### ACTIVITY
In the data, find the word "pixel" and copy out every line that has it.

Stored items:
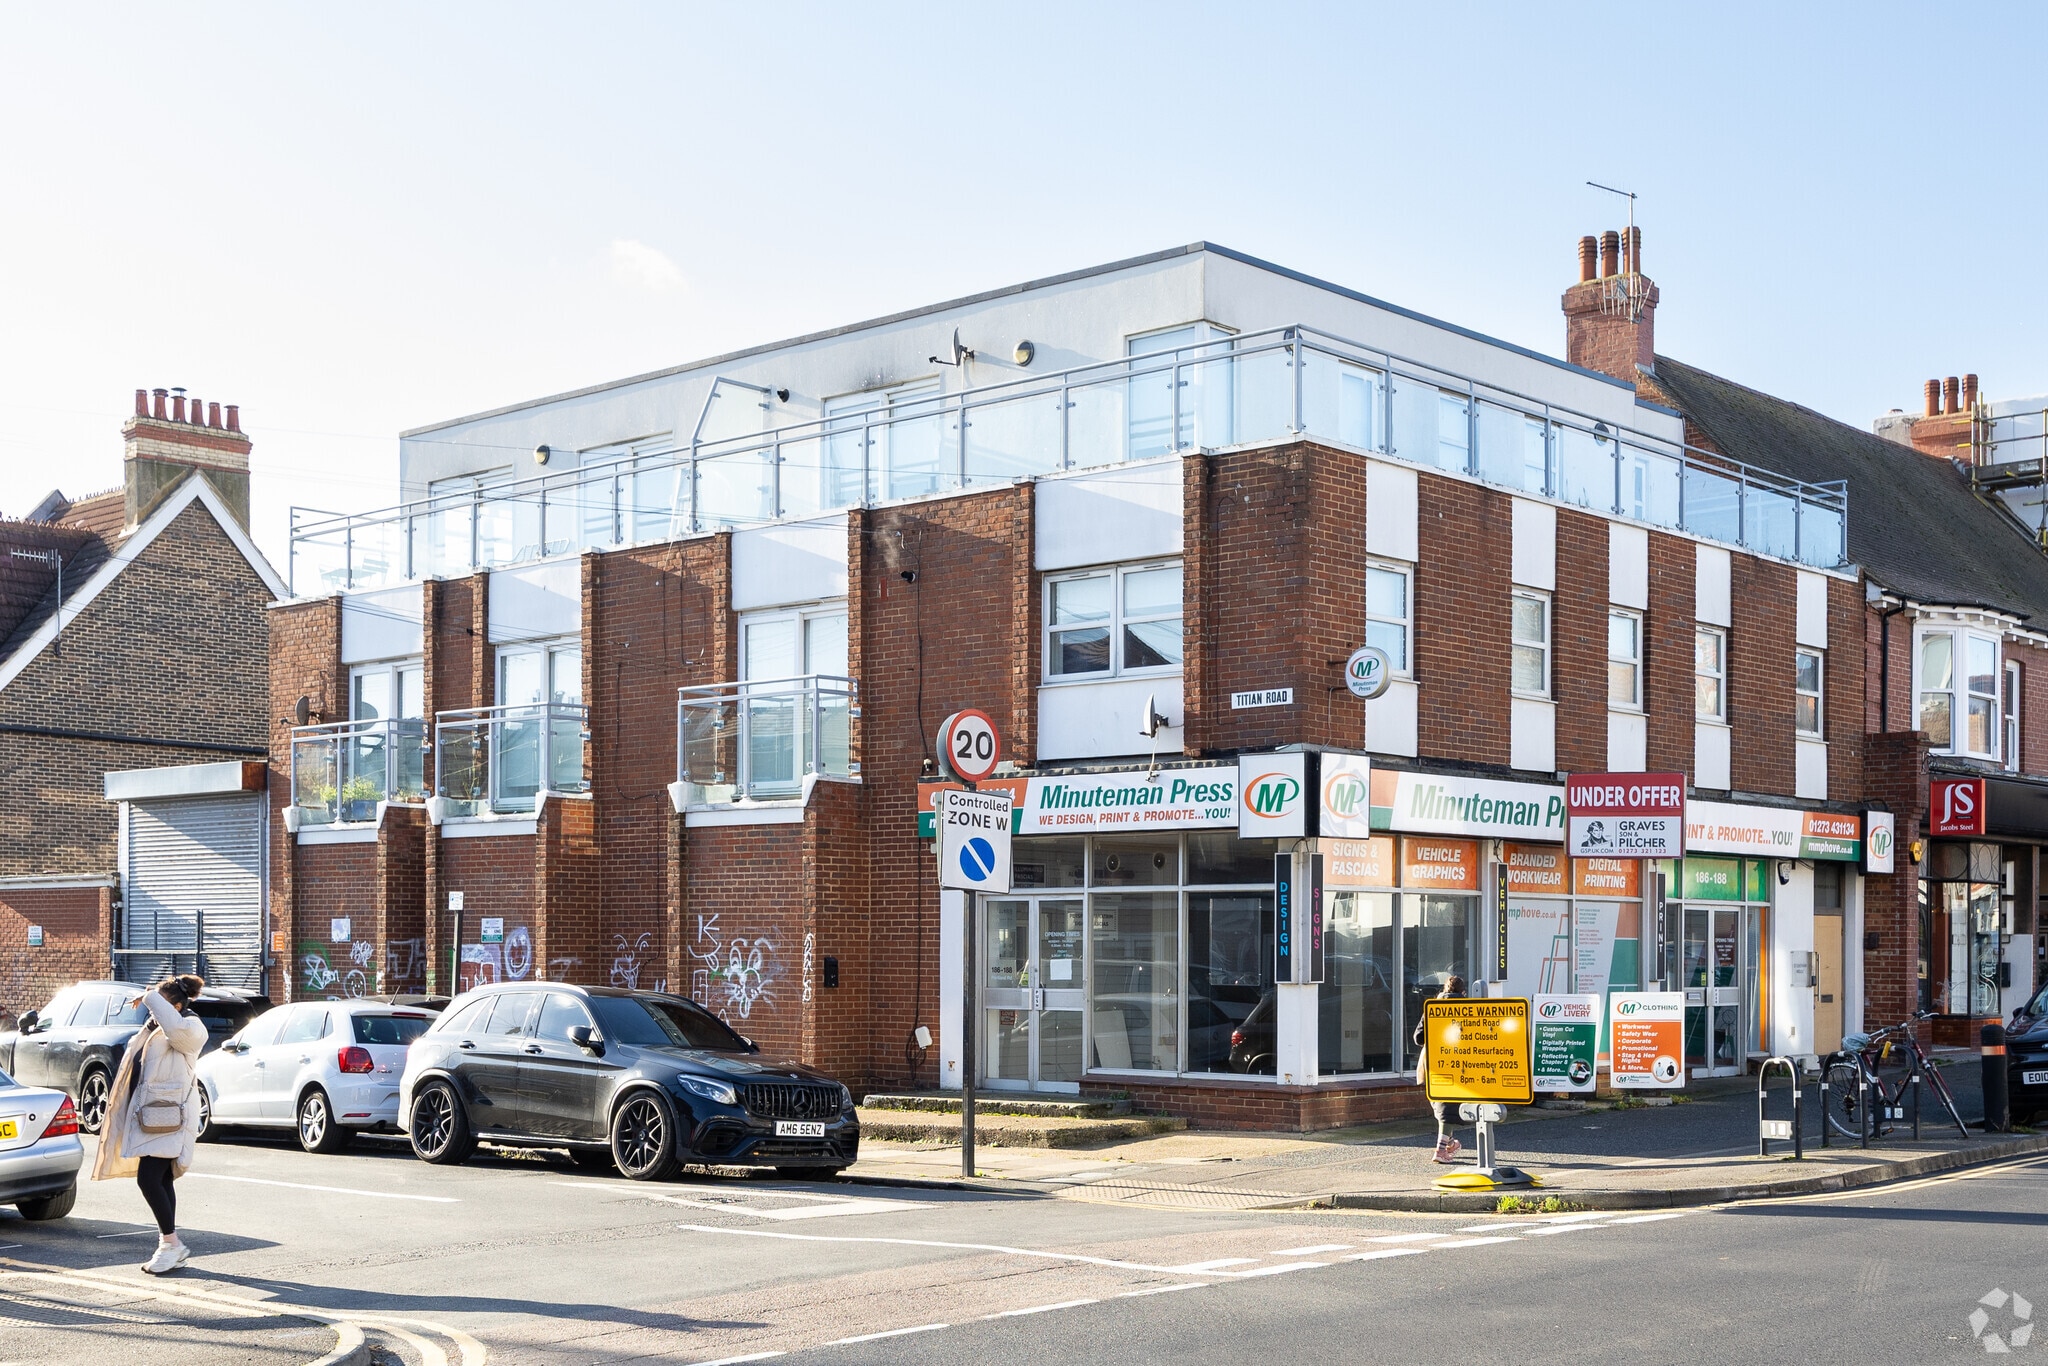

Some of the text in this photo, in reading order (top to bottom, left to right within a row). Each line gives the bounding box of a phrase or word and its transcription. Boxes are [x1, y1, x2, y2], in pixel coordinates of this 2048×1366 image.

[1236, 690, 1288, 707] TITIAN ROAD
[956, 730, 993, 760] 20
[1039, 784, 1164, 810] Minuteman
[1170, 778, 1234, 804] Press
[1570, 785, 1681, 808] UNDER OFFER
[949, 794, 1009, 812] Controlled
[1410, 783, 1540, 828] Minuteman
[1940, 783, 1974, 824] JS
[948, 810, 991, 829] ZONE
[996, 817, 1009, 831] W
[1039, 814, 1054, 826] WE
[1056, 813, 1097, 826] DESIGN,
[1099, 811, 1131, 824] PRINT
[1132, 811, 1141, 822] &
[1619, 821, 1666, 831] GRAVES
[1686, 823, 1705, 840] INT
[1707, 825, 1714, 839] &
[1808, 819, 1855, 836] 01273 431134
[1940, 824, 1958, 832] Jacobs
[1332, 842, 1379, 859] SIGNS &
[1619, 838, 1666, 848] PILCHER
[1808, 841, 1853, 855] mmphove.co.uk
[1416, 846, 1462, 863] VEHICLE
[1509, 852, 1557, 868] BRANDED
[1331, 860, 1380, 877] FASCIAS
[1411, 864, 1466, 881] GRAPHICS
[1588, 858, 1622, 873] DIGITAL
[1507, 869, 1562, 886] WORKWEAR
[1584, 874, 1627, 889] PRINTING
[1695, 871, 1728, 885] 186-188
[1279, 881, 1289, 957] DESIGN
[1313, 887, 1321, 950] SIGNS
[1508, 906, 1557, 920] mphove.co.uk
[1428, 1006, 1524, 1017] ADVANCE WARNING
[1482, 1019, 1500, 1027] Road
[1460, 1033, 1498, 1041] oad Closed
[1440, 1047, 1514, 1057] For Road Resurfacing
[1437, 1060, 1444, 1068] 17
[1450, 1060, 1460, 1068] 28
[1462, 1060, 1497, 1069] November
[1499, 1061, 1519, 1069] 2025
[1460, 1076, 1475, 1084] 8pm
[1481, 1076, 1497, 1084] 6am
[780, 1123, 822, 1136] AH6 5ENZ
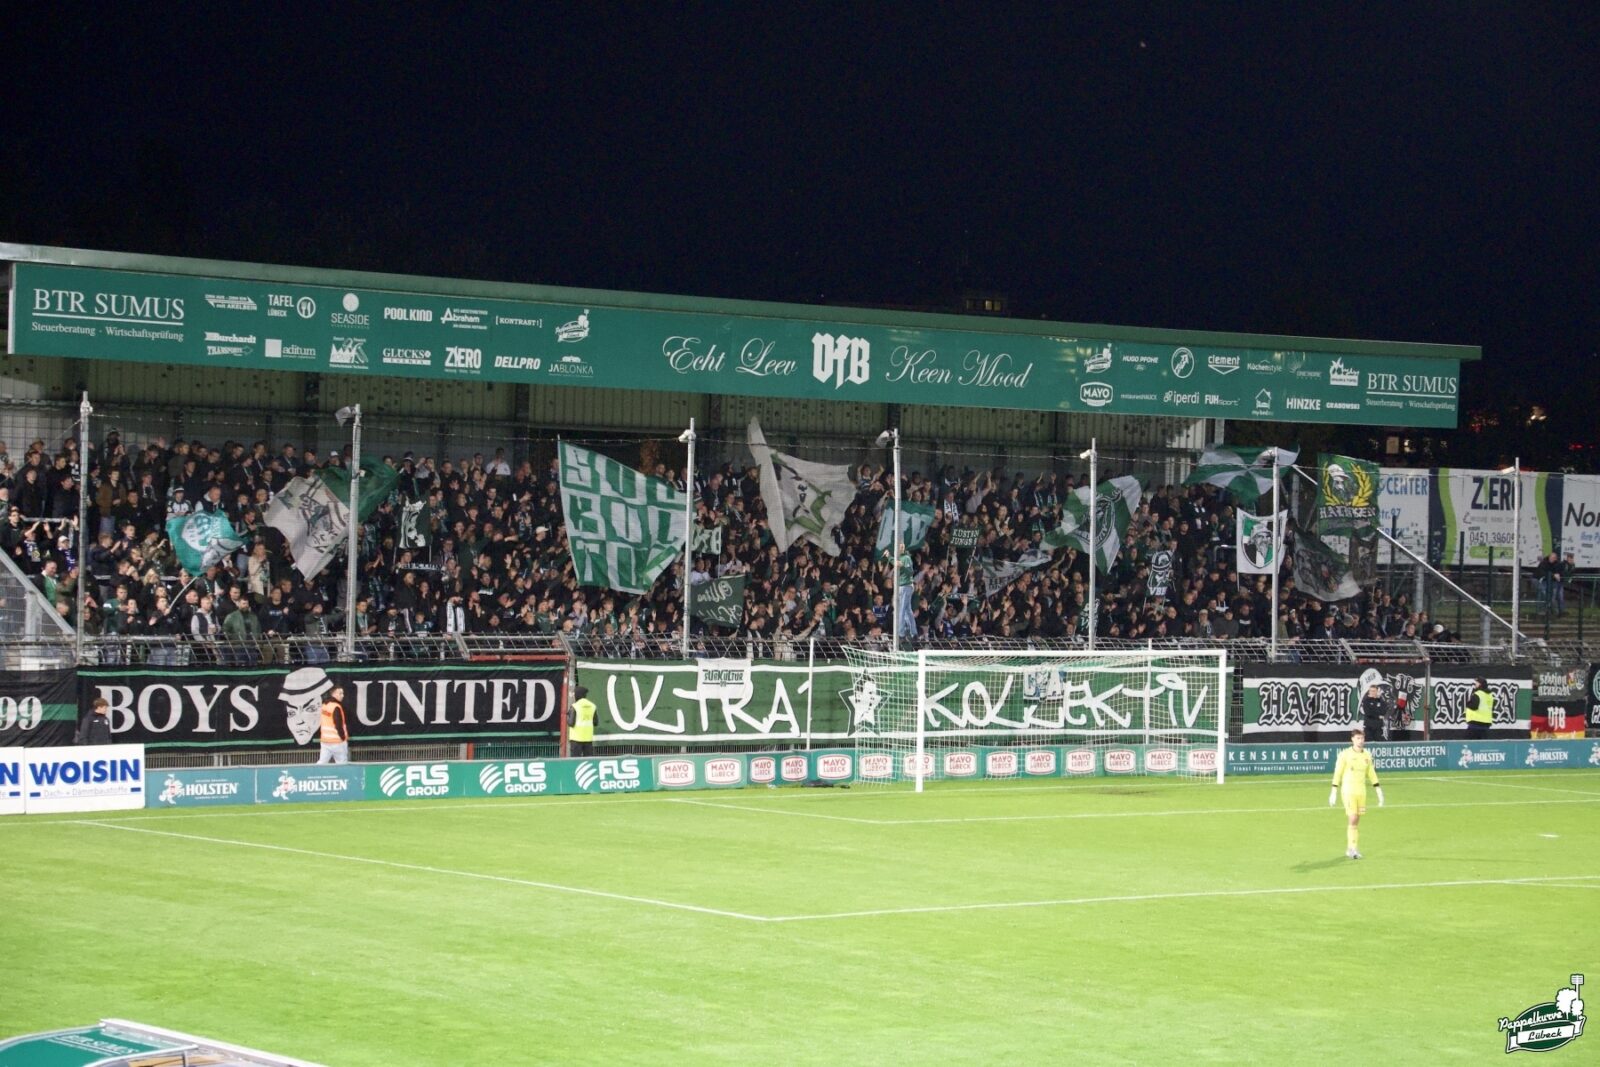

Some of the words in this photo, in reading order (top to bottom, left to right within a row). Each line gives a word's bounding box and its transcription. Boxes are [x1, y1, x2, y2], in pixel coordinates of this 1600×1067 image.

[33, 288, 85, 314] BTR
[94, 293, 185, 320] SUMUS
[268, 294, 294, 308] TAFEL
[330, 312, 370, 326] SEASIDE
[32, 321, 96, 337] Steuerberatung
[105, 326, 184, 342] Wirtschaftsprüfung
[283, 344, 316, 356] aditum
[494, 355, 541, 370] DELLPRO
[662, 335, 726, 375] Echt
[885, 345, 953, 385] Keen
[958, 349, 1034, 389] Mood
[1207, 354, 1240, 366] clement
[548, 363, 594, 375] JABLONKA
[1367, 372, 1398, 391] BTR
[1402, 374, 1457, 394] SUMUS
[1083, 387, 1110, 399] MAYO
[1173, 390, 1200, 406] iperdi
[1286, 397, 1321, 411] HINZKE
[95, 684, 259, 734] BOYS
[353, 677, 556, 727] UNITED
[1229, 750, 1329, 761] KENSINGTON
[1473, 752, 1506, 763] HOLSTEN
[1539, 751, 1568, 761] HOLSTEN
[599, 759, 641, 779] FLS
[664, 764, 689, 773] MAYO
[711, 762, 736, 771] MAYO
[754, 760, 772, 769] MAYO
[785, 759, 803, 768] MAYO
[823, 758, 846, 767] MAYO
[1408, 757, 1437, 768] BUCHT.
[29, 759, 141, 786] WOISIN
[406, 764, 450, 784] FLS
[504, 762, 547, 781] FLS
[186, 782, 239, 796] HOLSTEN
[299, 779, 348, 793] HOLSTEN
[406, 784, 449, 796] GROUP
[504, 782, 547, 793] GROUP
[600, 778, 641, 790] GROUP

### RESULT FOR THIS TASK
Some of the text in this photo, in reading order (top to bottom, left to right within a row). Each line gives the bounding box of a phrase or word and its transcription. Boxes are [x1, y1, x2, y2], in pixel coordinates of this 2048×1366 image.
Some of the words in this photo, in reading order (top to bottom, left to right within a row). Each line gives a word's bounding box and its transcription. Boxes are [x1, y1, x2, y2], in pixel coordinates of this 1600×1067 image.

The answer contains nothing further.